Experte junior en inclusion financière

Les institutions de microfinance ont été créées afin d’offrir des services financier (prêts, livrets d’épargne ou assurance) aux personnes qui sont exclues du système financier parce qu’elles sont pauvres et n’ont pas d’historique de crédit et sont donc considérées comme risquées et plus coûteuses par les banques.

Pour Mohamad Yunus, fondateur de la première banque de microcrédit, la pauvreté ne s’explique non pas par le manque de compétences mais par le manque de moyens pour les exploiter.
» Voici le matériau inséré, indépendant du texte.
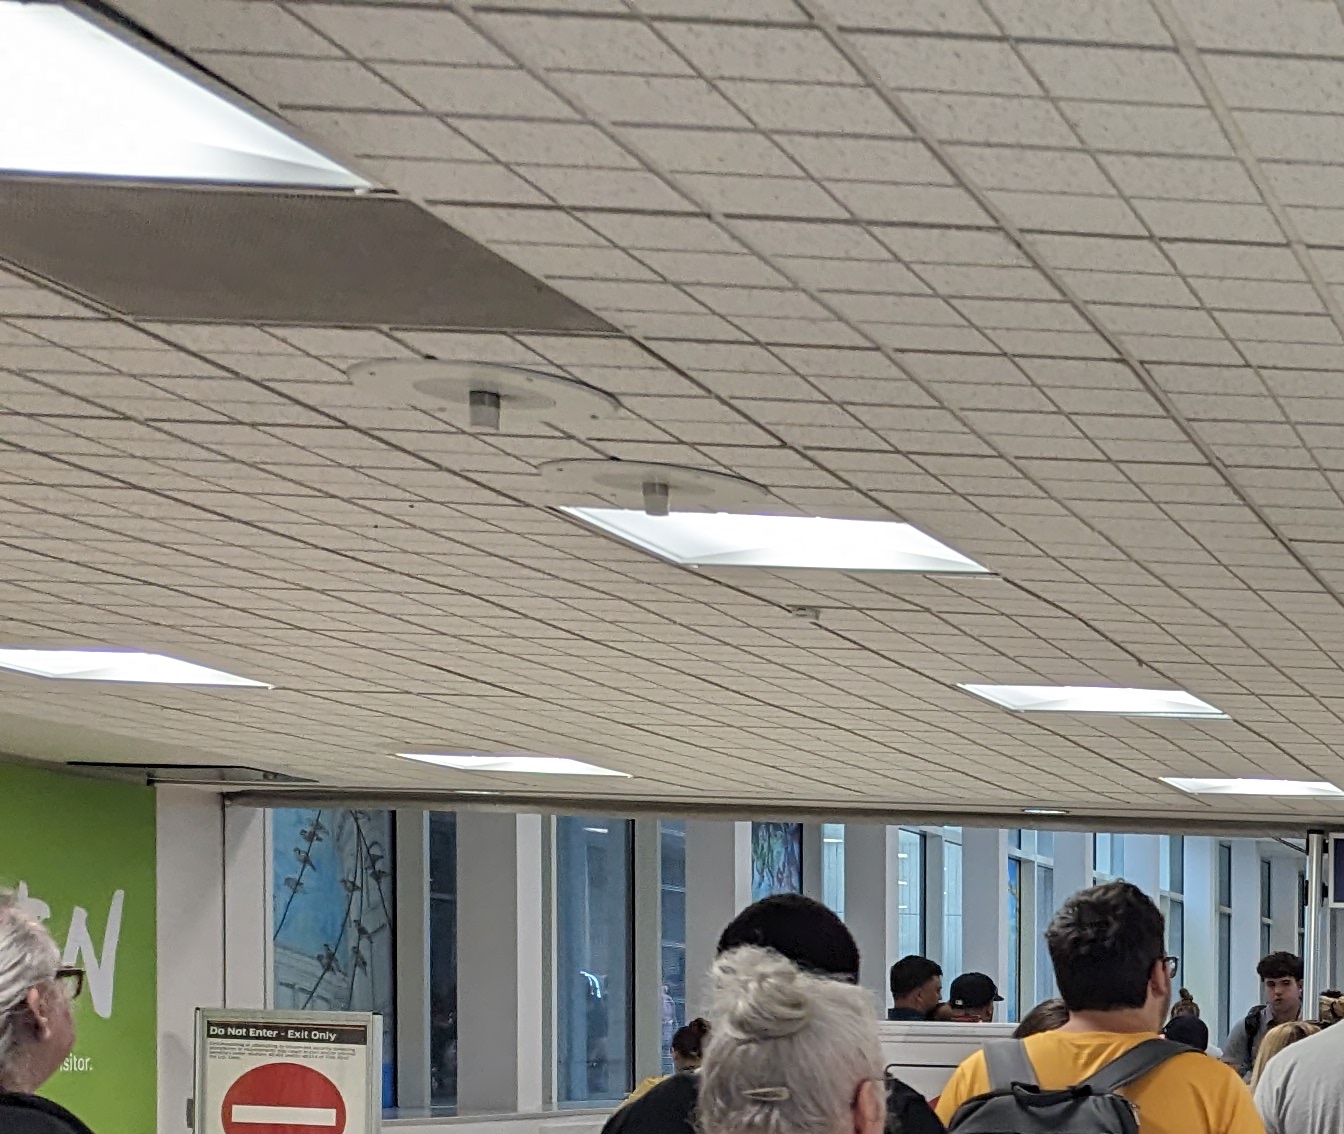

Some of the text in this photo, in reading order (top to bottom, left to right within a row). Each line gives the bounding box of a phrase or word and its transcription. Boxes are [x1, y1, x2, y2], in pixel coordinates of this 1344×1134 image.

[210, 1025, 225, 1035] Do
[227, 1027, 247, 1037] Not
[249, 1028, 279, 1038] Enter
[287, 1030, 309, 1039] Exit
[311, 1031, 337, 1041] Only
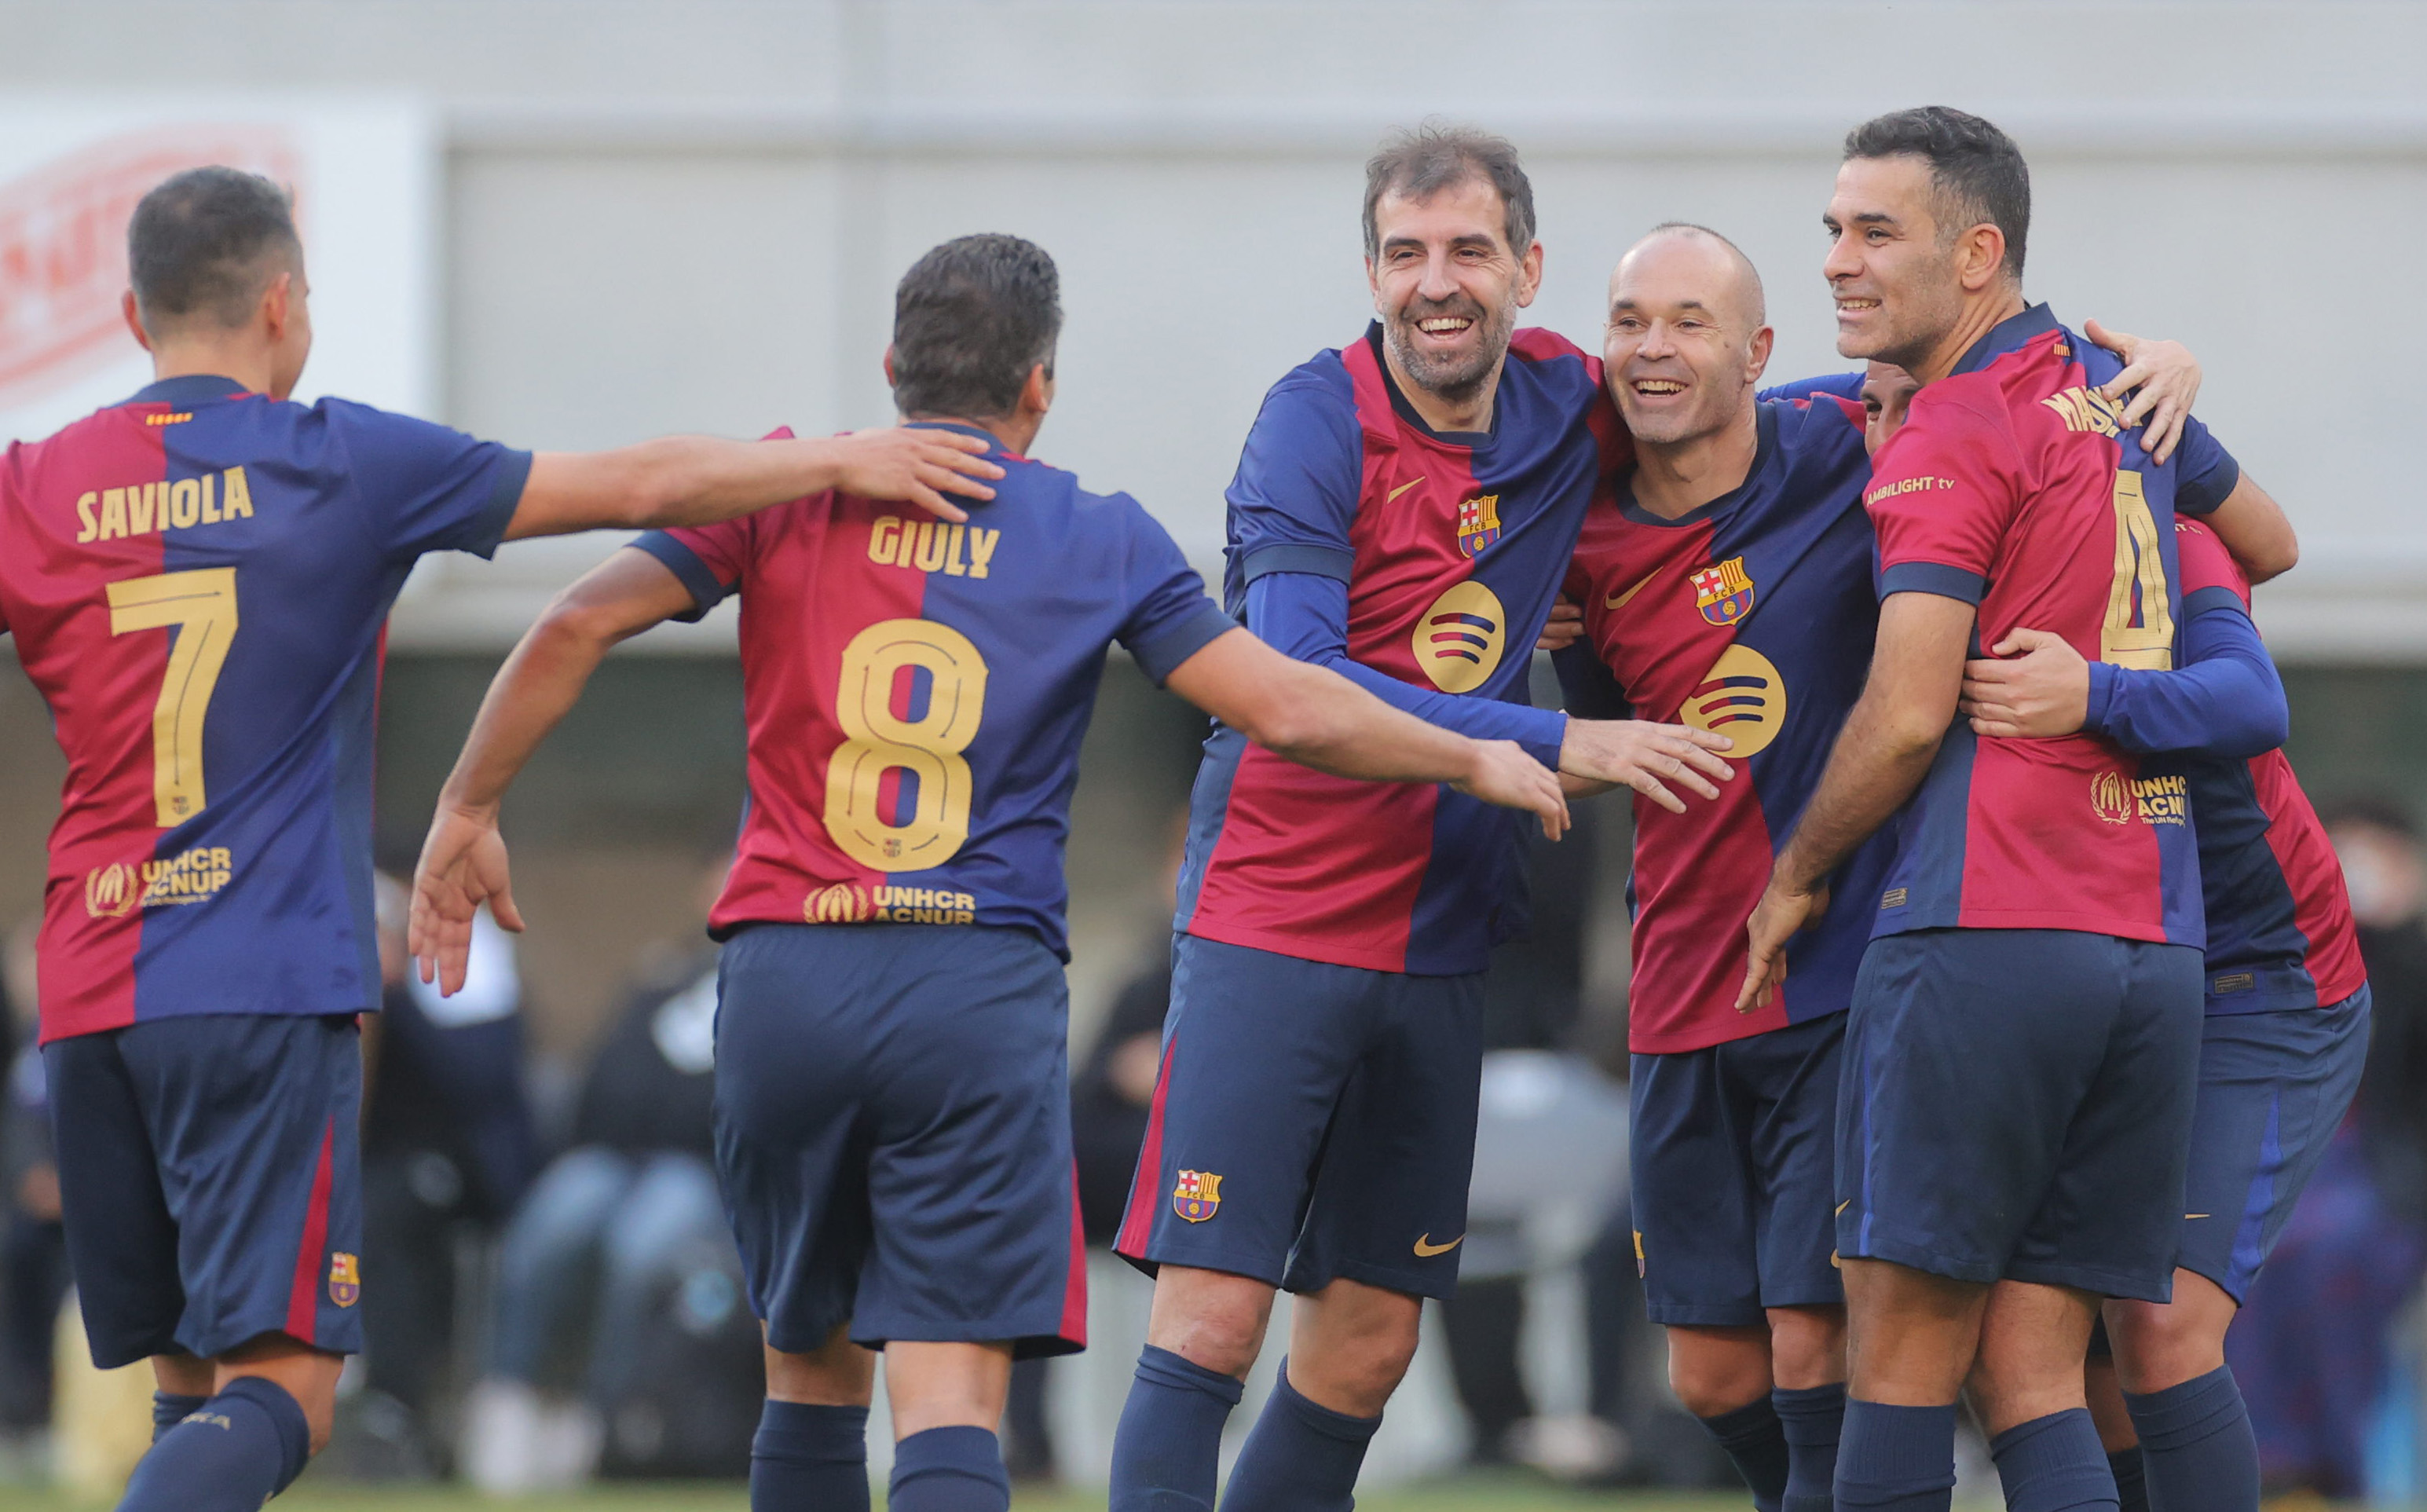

Ainsi, permettre aux personnes pauvres d’avoir accès à des liquidités est le moyen le plus efficace pour combattre la pauvreté, et la microfinance apparait alors comme la solution idéale à la misère du monde.

Mais d’après beaucoup d’autres spécialistes, la pauvreté est multidimensionnelle[1] et donner accès aux personnes pauvres à des services financiers ne suffit pas pour leur permettre de sortir de la pauvreté durablement. C’est par exemple le cas de Amartya Sen, qui explique à travers son Approche par les « capabilités » que la pauvreté réside dans l’absence des capabilités (ou capacités) à mener la vie que l’on entend mener et non seulement dans l’absence de moyens économiques. Les personnes sont privées de l’accès aux infrastructures de santé et d’éducation, aux marchés, à l’innovation, au pouvoir, etc. En d’autres termes, les personnes pauvres sont privées des opportunités qui pourraient leur permettre de rompre le cercle vicieux de la pauvreté. Ainsi, les institutions de microfinance (IMF) ne doivent pas se contenter de fournir l’accès à des moyens financiers si elles comptent avoir un impact significatif sur le niveau de pauvreté de leurs clients, mais elles doivent également leur proposer des services non-financiers.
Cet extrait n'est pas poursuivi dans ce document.